▸ **WHAT YOU HAVE TO DO**
Below are some entries; write out each one of them exactly.

▸ **TASK INPUTS**
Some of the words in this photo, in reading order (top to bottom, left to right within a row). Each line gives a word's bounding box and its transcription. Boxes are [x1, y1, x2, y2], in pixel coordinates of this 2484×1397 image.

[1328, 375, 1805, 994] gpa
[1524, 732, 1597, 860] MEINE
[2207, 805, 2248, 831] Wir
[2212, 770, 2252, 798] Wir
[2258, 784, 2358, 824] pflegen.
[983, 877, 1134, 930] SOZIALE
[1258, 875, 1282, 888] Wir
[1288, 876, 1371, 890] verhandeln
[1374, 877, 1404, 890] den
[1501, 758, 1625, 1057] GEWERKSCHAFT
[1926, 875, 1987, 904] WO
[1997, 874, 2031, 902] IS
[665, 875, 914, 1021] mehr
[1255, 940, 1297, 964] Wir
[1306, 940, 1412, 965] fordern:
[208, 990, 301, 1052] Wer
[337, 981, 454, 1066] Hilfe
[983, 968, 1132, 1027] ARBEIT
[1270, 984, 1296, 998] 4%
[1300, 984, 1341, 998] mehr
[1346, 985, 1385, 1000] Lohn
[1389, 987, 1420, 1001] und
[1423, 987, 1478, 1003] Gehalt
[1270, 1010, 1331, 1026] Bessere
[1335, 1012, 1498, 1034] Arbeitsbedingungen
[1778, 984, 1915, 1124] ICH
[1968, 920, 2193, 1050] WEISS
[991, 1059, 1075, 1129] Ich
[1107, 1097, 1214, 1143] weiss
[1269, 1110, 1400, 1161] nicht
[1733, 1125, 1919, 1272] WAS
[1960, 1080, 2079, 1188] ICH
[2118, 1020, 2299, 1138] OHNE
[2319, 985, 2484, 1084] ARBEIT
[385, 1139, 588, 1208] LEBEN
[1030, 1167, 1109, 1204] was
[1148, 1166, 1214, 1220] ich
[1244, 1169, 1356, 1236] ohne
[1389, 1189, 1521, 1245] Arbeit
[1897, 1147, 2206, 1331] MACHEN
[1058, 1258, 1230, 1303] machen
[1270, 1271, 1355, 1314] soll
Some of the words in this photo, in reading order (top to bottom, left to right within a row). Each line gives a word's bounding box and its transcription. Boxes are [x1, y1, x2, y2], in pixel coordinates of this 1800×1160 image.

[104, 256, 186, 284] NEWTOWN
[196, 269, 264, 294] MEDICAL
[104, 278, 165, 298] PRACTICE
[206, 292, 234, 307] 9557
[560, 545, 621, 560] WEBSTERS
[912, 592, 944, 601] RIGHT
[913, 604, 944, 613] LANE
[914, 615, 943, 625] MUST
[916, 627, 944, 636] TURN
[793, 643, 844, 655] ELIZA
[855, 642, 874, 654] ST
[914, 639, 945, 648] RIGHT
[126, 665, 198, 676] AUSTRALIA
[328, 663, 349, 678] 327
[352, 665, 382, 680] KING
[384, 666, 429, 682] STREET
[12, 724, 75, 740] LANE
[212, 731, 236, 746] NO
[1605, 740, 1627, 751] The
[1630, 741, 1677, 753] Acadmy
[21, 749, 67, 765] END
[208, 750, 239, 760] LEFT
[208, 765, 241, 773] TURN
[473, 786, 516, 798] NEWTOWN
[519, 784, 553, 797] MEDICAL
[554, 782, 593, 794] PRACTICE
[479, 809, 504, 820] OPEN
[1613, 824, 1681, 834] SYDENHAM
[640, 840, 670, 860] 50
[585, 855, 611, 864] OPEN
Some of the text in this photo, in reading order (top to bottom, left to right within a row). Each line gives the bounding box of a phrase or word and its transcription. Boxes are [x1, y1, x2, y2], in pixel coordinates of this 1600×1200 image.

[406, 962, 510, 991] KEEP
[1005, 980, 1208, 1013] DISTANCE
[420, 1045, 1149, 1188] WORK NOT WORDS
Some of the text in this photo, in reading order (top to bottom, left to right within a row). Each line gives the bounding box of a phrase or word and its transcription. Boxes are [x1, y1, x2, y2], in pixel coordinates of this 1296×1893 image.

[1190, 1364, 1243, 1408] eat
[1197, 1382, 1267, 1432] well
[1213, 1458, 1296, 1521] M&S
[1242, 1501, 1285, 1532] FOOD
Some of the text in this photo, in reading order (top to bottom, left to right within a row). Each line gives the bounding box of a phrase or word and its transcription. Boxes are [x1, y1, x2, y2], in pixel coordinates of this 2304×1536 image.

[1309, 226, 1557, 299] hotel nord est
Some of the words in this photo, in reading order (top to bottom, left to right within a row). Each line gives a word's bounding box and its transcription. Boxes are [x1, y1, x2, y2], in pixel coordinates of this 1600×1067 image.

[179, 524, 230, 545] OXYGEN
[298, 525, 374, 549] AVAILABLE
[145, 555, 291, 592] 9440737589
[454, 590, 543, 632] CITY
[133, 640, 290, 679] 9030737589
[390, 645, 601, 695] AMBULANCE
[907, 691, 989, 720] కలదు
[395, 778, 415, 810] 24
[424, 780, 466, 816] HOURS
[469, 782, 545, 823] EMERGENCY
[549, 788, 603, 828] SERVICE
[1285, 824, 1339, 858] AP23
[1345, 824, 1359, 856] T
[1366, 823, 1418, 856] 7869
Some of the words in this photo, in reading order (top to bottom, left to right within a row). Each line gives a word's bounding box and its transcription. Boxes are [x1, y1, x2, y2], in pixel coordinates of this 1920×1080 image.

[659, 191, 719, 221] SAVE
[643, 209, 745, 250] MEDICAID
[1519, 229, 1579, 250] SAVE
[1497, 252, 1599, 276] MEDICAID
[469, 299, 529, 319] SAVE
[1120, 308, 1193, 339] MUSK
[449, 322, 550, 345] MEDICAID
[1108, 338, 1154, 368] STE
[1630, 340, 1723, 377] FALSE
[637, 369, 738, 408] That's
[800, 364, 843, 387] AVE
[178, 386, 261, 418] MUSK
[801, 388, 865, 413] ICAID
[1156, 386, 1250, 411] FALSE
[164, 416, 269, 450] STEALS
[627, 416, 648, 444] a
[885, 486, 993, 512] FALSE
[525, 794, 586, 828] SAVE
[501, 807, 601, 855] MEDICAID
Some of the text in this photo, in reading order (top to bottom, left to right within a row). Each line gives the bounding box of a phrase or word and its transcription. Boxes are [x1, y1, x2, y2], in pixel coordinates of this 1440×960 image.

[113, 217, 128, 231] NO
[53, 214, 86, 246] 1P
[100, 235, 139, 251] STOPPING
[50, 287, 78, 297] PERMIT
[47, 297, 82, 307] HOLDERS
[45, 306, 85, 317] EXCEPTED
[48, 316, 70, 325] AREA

▸ **REPLY**
Some of the words in this photo, in reading order (top to bottom, left to right within a row). Each line gives a word's bounding box and its transcription. Boxes are [x1, y1, x2, y2], in pixel coordinates of this 2484×1397 image.

[1328, 375, 1805, 994] gpa
[1524, 732, 1597, 860] MEINE
[2207, 805, 2248, 831] Wir
[2212, 770, 2252, 798] Wir
[2258, 784, 2358, 824] pflegen.
[983, 877, 1134, 930] SOZIALE
[1258, 875, 1282, 888] Wir
[1288, 876, 1371, 890] verhandeln
[1374, 877, 1404, 890] den
[1501, 758, 1625, 1057] GEWERKSCHAFT
[1926, 875, 1987, 904] WO
[1997, 874, 2031, 902] IS
[665, 875, 914, 1021] mehr
[1255, 940, 1297, 964] Wir
[1306, 940, 1412, 965] fordern:
[208, 990, 301, 1052] Wer
[337, 981, 454, 1066] Hilfe
[983, 968, 1132, 1027] ARBEIT
[1270, 984, 1296, 998] 4%
[1300, 984, 1341, 998] mehr
[1346, 985, 1385, 1000] Lohn
[1389, 987, 1420, 1001] und
[1423, 987, 1478, 1003] Gehalt
[1270, 1010, 1331, 1026] Bessere
[1335, 1012, 1498, 1034] Arbeitsbedingungen
[1778, 984, 1915, 1124] ICH
[1968, 920, 2193, 1050] WEISS
[991, 1059, 1075, 1129] Ich
[1107, 1097, 1214, 1143] weiss
[1269, 1110, 1400, 1161] nicht
[1733, 1125, 1919, 1272] WAS
[1960, 1080, 2079, 1188] ICH
[2118, 1020, 2299, 1138] OHNE
[2319, 985, 2484, 1084] ARBEIT
[385, 1139, 588, 1208] LEBEN
[1030, 1167, 1109, 1204] was
[1148, 1166, 1214, 1220] ich
[1244, 1169, 1356, 1236] ohne
[1389, 1189, 1521, 1245] Arbeit
[1897, 1147, 2206, 1331] MACHEN
[1058, 1258, 1230, 1303] machen
[1270, 1271, 1355, 1314] soll
Some of the words in this photo, in reading order (top to bottom, left to right within a row). Each line gives a word's bounding box and its transcription. Boxes are [x1, y1, x2, y2], in pixel coordinates of this 1800×1160 image.

[104, 256, 186, 284] NEWTOWN
[196, 269, 264, 294] MEDICAL
[104, 278, 165, 298] PRACTICE
[206, 292, 234, 307] 9557
[560, 545, 621, 560] WEBSTERS
[912, 592, 944, 601] RIGHT
[913, 604, 944, 613] LANE
[914, 615, 943, 625] MUST
[916, 627, 944, 636] TURN
[793, 643, 844, 655] ELIZA
[855, 642, 874, 654] ST
[914, 639, 945, 648] RIGHT
[126, 665, 198, 676] AUSTRALIA
[328, 663, 349, 678] 327
[352, 665, 382, 680] KING
[384, 666, 429, 682] STREET
[12, 724, 75, 740] LANE
[212, 731, 236, 746] NO
[1605, 740, 1627, 751] The
[1630, 741, 1677, 753] Acadmy
[21, 749, 67, 765] END
[208, 750, 239, 760] LEFT
[208, 765, 241, 773] TURN
[473, 786, 516, 798] NEWTOWN
[519, 784, 553, 797] MEDICAL
[554, 782, 593, 794] PRACTICE
[479, 809, 504, 820] OPEN
[1613, 824, 1681, 834] SYDENHAM
[640, 840, 670, 860] 50
[585, 855, 611, 864] OPEN
Some of the text in this photo, in reading order (top to bottom, left to right within a row). Each line gives the bounding box of a phrase or word and its transcription. Boxes are [x1, y1, x2, y2], in pixel coordinates of this 1600×1200 image.

[406, 962, 510, 991] KEEP
[1005, 980, 1208, 1013] DISTANCE
[420, 1045, 1149, 1188] WORK NOT WORDS
Some of the text in this photo, in reading order (top to bottom, left to right within a row). Each line gives the bounding box of a phrase or word and its transcription. Boxes are [x1, y1, x2, y2], in pixel coordinates of this 1296×1893 image.

[1190, 1364, 1243, 1408] eat
[1197, 1382, 1267, 1432] well
[1213, 1458, 1296, 1521] M&S
[1242, 1501, 1285, 1532] FOOD
Some of the text in this photo, in reading order (top to bottom, left to right within a row). Each line gives the bounding box of a phrase or word and its transcription. Boxes are [x1, y1, x2, y2], in pixel coordinates of this 2304×1536 image.

[1309, 226, 1557, 299] hotel nord est
Some of the words in this photo, in reading order (top to bottom, left to right within a row). Each line gives a word's bounding box and its transcription. Boxes are [x1, y1, x2, y2], in pixel coordinates of this 1600×1067 image.

[179, 524, 230, 545] OXYGEN
[298, 525, 374, 549] AVAILABLE
[145, 555, 291, 592] 9440737589
[454, 590, 543, 632] CITY
[133, 640, 290, 679] 9030737589
[390, 645, 601, 695] AMBULANCE
[907, 691, 989, 720] కలదు
[395, 778, 415, 810] 24
[424, 780, 466, 816] HOURS
[469, 782, 545, 823] EMERGENCY
[549, 788, 603, 828] SERVICE
[1285, 824, 1339, 858] AP23
[1345, 824, 1359, 856] T
[1366, 823, 1418, 856] 7869
Some of the words in this photo, in reading order (top to bottom, left to right within a row). Each line gives a word's bounding box and its transcription. Boxes are [x1, y1, x2, y2], in pixel coordinates of this 1920×1080 image.

[659, 191, 719, 221] SAVE
[643, 209, 745, 250] MEDICAID
[1519, 229, 1579, 250] SAVE
[1497, 252, 1599, 276] MEDICAID
[469, 299, 529, 319] SAVE
[1120, 308, 1193, 339] MUSK
[449, 322, 550, 345] MEDICAID
[1108, 338, 1154, 368] STE
[1630, 340, 1723, 377] FALSE
[637, 369, 738, 408] That's
[800, 364, 843, 387] AVE
[178, 386, 261, 418] MUSK
[801, 388, 865, 413] ICAID
[1156, 386, 1250, 411] FALSE
[164, 416, 269, 450] STEALS
[627, 416, 648, 444] a
[885, 486, 993, 512] FALSE
[525, 794, 586, 828] SAVE
[501, 807, 601, 855] MEDICAID
Some of the text in this photo, in reading order (top to bottom, left to right within a row). Each line gives the bounding box of a phrase or word and its transcription. Boxes are [x1, y1, x2, y2], in pixel coordinates of this 1440×960 image.

[113, 217, 128, 231] NO
[53, 214, 86, 246] 1P
[100, 235, 139, 251] STOPPING
[50, 287, 78, 297] PERMIT
[47, 297, 82, 307] HOLDERS
[45, 306, 85, 317] EXCEPTED
[48, 316, 70, 325] AREA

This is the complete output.